━━━ EXTRACTED DATA ━━━
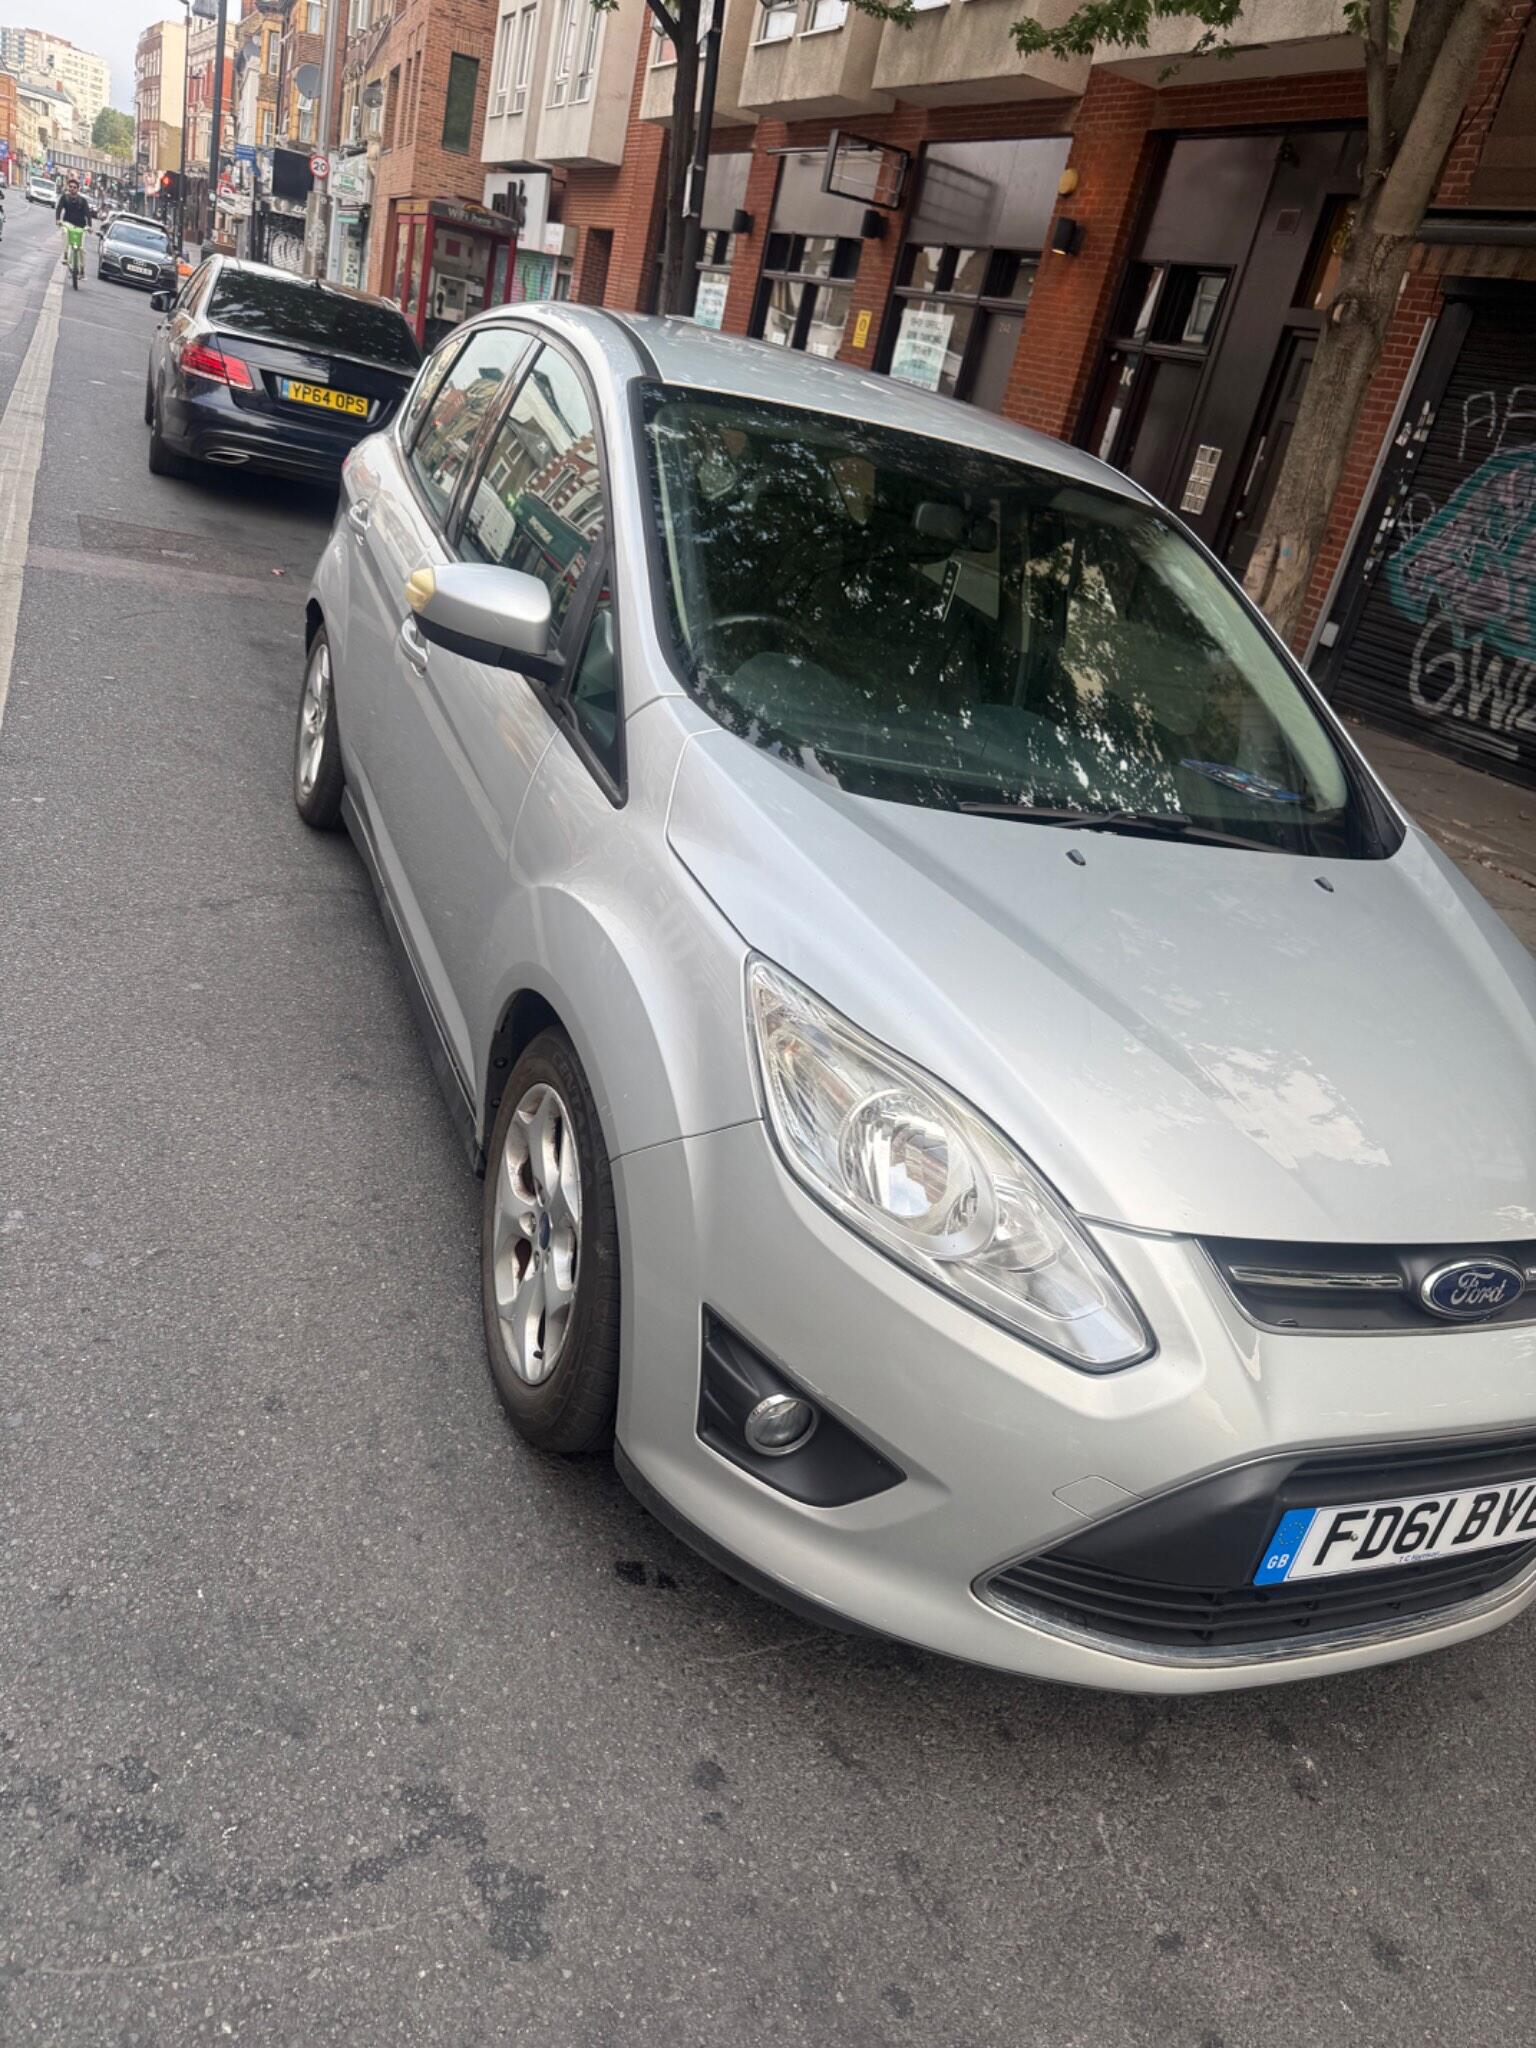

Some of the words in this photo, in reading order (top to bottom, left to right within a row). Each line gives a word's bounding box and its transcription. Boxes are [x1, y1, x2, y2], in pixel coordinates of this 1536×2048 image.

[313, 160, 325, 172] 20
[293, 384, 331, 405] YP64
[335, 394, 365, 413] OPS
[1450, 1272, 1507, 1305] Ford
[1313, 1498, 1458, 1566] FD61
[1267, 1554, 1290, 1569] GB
━━━
# [ASSIGNMENT]
Without including any picture, retype the entries exactly.

# [TASK RESPONSE]
Some of the words in this photo, in reading order (top to bottom, left to right within a row). Each line gives a word's bounding box and its transcription. Boxes are [x1, y1, x2, y2], in pixel coordinates of this 1536×2048 image.

[313, 160, 325, 172] 20
[293, 384, 331, 405] YP64
[335, 394, 365, 413] OPS
[1450, 1272, 1507, 1305] Ford
[1313, 1498, 1458, 1566] FD61
[1267, 1554, 1290, 1569] GB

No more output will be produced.